Will Washington now possess a new political weapon to be used against the opposition and threaten privacy protections for the average American? This has become a chief concern for Republicans after a Democratic-led House panel approved to make public the much-anticipated Trump tax returns. Democrats say these efforts are about transparency, while the GOP thinks even its opponents will eventually regret utilizing the latest tool in US politics. But with the release of a committee summation, has America learned anything new?
Trump Tax Returns Go Public – Again
The US House Ways and Means Committee voted in a private closed session along party lines on Dec. 20 to submit a report on former President Donald Trump’s tax returns. That report – released late at night rather than leaked to favored news outlets – cover the period from 2015 to 2020. The underlying documents, however, are expected to go through substantial redactions before being made public.

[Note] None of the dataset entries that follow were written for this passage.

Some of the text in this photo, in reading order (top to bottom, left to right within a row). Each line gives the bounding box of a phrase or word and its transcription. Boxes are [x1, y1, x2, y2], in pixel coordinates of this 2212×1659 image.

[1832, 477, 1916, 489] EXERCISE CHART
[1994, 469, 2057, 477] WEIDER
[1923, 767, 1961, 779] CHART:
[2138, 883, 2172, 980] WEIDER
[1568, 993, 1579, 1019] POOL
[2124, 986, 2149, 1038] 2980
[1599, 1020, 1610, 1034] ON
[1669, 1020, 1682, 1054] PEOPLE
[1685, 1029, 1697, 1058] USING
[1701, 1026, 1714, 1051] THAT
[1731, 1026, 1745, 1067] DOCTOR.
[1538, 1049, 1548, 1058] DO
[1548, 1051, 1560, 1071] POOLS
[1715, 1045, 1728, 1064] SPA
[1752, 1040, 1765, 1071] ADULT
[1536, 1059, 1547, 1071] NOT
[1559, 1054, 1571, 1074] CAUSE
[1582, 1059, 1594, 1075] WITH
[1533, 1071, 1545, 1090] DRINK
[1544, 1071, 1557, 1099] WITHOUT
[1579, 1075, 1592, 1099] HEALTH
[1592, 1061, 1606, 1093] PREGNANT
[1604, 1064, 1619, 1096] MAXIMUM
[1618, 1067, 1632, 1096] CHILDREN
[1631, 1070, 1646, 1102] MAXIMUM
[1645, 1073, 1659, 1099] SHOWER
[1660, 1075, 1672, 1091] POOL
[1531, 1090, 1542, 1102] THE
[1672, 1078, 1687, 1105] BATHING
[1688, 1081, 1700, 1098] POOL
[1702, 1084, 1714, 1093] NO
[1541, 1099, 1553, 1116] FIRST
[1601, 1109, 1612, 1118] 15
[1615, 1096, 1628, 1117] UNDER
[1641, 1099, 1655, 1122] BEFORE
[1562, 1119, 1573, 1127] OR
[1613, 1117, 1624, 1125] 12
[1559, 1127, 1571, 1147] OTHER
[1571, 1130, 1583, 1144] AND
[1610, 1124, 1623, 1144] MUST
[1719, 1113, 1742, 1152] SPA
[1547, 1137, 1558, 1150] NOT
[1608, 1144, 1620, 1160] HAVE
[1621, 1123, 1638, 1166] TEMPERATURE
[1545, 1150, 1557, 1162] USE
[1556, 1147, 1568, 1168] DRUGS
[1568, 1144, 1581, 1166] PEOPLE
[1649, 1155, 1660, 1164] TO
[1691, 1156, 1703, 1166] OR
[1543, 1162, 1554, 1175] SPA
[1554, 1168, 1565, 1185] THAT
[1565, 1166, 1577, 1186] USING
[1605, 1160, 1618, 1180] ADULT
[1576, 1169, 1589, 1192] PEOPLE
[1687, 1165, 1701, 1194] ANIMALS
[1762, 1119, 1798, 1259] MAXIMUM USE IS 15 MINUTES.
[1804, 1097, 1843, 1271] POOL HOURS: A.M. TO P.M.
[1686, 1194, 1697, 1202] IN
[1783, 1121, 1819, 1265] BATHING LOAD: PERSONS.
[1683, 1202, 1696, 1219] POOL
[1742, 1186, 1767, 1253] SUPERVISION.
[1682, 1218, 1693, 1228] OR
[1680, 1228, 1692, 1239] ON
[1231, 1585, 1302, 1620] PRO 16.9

It is unclear what the Democrats intended to find or show, but the summary spotlighted, among other things, how much Trump paid in taxes, how much he donated to charity, and what kind of scrutiny the IRS placed on the 45th president. Much of this information had already been released by the New York Times back in Sept. 2020. It was already public knowledge that the former president did not pay net taxes in certain years as he had overpaid on previous returns, so why would the committee spend such valuable time and resources on continuing the investigation?
Democrats justified the intrusion by saying that they needed access to the Trump tax returns to have a greater comprehension of how the presidential audit program works. A second report released through the committee tackles the “mandatory audit program,” which applies to presidents in office. The report argues that it was only carried out once by the IRS in 2019, and only after the House raised questions.
Weapons of Lawfare?
Democrats contend that there is precedent for the committee to release confidential tax information. However, Republicans have asserted that this could have consequences for politicians and average citizens in the future if they become targets of the committee. Rep. Kevin Brady (R-TX), the top Republican on the committee, warned that the measure would turn into “a dangerous new political weapon that reaches far beyond the former president and overturns decades of privacy protections for average Americans that have existed since the Watergate reform.”
“We are unified in our concern the Democrats may today move forward with unprecedented action that will jeopardize the right of every American to be protected from political targeting by Congress,” Brady added.
Rep. Richard Neal (D-MA), the committee chairman, explained that the decision “was not about being punitive. This was not about being malicious.” In addition, House Democrats claimed that the IRS failed to audit Trump’s tax filings during his first two years in the Oval Office, prompting Rep. Judy Chu (D-CA) to aver that her party’s pursuits have been “about making sure there are checks and balances for the presidency.”
Political strategists purport that the timing of this event could lead to intense political fallout, considering that the former president announced his plans to make another White House bid in 2024.
Although Trump himself has yet to publicly respond, a spokesman for the former president took aim at the committee’s decision. “This unprecedented leak by lame-duck Democrats is proof they are playing a political game they are losing,” Steven Cheung warned. “If they are so hell-bent on releasing President Trump’s tax returns… they should release the tax returns of [outgoing House Speaker] Nancy Pelosi [D-CA] and her weirdo husband Paul to see how much dirty money they have made from selling out America and jeopardizing our national security.”
A Blow to the 2024 Campaign?
Although column inches are being generated apace with the release of these reports, there seems to be little new information that could politically damage the former president. The 45th president already weathered the storm of his leaked tax documents in 2020 and has not been put off running again in 2024. Further investigations into his donations and expenses will no doubt continue, but minus a smoking gun announcement, it appears that the infamous saga of Trump’s Tax Returns has passed with a fizzle rather than a bang.